* **Exercise brief**:
Copy the lines verbatim, beginning with the line that contains "this 1659×2212 image." and continuing through the end of the data, and only those lines.

* **Records for the exercise**:
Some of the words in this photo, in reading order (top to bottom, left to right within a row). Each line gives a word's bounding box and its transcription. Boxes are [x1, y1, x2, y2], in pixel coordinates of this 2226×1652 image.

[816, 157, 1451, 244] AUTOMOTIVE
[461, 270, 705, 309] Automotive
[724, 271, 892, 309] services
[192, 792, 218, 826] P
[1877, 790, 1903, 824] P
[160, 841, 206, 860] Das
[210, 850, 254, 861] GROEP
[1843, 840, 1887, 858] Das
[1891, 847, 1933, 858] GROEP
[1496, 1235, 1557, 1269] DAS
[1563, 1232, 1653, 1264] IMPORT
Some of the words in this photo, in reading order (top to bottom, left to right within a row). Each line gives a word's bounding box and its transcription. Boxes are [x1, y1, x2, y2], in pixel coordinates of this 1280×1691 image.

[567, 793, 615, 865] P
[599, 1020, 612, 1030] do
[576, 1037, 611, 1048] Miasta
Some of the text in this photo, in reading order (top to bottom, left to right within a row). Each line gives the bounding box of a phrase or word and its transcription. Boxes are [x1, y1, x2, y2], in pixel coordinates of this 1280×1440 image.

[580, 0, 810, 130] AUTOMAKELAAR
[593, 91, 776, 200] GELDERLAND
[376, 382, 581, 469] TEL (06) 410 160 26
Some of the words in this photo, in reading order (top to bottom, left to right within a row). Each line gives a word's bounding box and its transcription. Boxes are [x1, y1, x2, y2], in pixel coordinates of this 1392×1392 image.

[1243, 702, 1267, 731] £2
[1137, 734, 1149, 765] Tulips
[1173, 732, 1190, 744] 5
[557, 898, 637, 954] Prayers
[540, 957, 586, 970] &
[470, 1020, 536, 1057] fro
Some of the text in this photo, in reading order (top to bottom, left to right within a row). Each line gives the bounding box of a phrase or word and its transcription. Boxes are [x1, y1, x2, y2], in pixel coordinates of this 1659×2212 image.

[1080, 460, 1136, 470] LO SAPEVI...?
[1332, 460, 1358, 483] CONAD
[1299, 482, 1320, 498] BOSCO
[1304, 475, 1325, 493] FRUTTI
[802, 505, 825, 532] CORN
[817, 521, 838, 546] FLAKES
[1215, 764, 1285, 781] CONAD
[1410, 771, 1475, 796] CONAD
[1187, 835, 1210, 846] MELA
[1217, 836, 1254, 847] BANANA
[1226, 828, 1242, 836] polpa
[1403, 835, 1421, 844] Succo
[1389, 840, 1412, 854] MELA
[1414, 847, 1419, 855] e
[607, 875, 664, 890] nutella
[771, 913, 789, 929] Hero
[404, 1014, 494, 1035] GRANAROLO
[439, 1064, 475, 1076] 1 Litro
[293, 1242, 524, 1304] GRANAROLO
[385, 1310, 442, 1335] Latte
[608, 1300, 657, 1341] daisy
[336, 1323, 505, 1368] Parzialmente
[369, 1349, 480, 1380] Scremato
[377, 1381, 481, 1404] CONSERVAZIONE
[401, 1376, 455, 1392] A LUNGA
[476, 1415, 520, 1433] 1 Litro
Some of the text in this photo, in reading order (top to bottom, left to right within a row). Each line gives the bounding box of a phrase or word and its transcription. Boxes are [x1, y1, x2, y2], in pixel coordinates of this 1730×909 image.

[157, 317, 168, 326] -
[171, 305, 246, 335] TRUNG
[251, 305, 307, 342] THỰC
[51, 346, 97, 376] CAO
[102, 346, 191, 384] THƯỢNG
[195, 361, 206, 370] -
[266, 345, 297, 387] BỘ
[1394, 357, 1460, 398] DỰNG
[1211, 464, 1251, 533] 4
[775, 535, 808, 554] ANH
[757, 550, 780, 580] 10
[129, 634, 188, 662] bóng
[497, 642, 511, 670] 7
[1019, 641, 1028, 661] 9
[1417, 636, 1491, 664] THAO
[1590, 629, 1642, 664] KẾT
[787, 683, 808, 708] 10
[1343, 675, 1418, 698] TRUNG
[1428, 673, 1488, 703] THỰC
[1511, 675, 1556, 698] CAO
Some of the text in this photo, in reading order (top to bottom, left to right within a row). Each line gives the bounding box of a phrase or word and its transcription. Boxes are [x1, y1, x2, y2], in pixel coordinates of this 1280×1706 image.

* **Output of the exercise**:
Some of the text in this photo, in reading order (top to bottom, left to right within a row). Each line gives the bounding box of a phrase or word and its transcription. Boxes are [x1, y1, x2, y2], in pixel coordinates of this 1659×2212 image.

[1080, 460, 1136, 470] LO SAPEVI...?
[1332, 460, 1358, 483] CONAD
[1299, 482, 1320, 498] BOSCO
[1304, 475, 1325, 493] FRUTTI
[802, 505, 825, 532] CORN
[817, 521, 838, 546] FLAKES
[1215, 764, 1285, 781] CONAD
[1410, 771, 1475, 796] CONAD
[1187, 835, 1210, 846] MELA
[1217, 836, 1254, 847] BANANA
[1226, 828, 1242, 836] polpa
[1403, 835, 1421, 844] Succo
[1389, 840, 1412, 854] MELA
[1414, 847, 1419, 855] e
[607, 875, 664, 890] nutella
[771, 913, 789, 929] Hero
[404, 1014, 494, 1035] GRANAROLO
[439, 1064, 475, 1076] 1 Litro
[293, 1242, 524, 1304] GRANAROLO
[385, 1310, 442, 1335] Latte
[608, 1300, 657, 1341] daisy
[336, 1323, 505, 1368] Parzialmente
[369, 1349, 480, 1380] Scremato
[377, 1381, 481, 1404] CONSERVAZIONE
[401, 1376, 455, 1392] A LUNGA
[476, 1415, 520, 1433] 1 Litro
Some of the text in this photo, in reading order (top to bottom, left to right within a row). Each line gives the bounding box of a phrase or word and its transcription. Boxes are [x1, y1, x2, y2], in pixel coordinates of this 1730×909 image.

[157, 317, 168, 326] -
[171, 305, 246, 335] TRUNG
[251, 305, 307, 342] THỰC
[51, 346, 97, 376] CAO
[102, 346, 191, 384] THƯỢNG
[195, 361, 206, 370] -
[266, 345, 297, 387] BỘ
[1394, 357, 1460, 398] DỰNG
[1211, 464, 1251, 533] 4
[775, 535, 808, 554] ANH
[757, 550, 780, 580] 10
[129, 634, 188, 662] bóng
[497, 642, 511, 670] 7
[1019, 641, 1028, 661] 9
[1417, 636, 1491, 664] THAO
[1590, 629, 1642, 664] KẾT
[787, 683, 808, 708] 10
[1343, 675, 1418, 698] TRUNG
[1428, 673, 1488, 703] THỰC
[1511, 675, 1556, 698] CAO
Some of the text in this photo, in reading order (top to bottom, left to right within a row). Each line gives the bounding box of a phrase or word and its transcription. Boxes are [x1, y1, x2, y2], in pixel coordinates of this 1280×1706 image.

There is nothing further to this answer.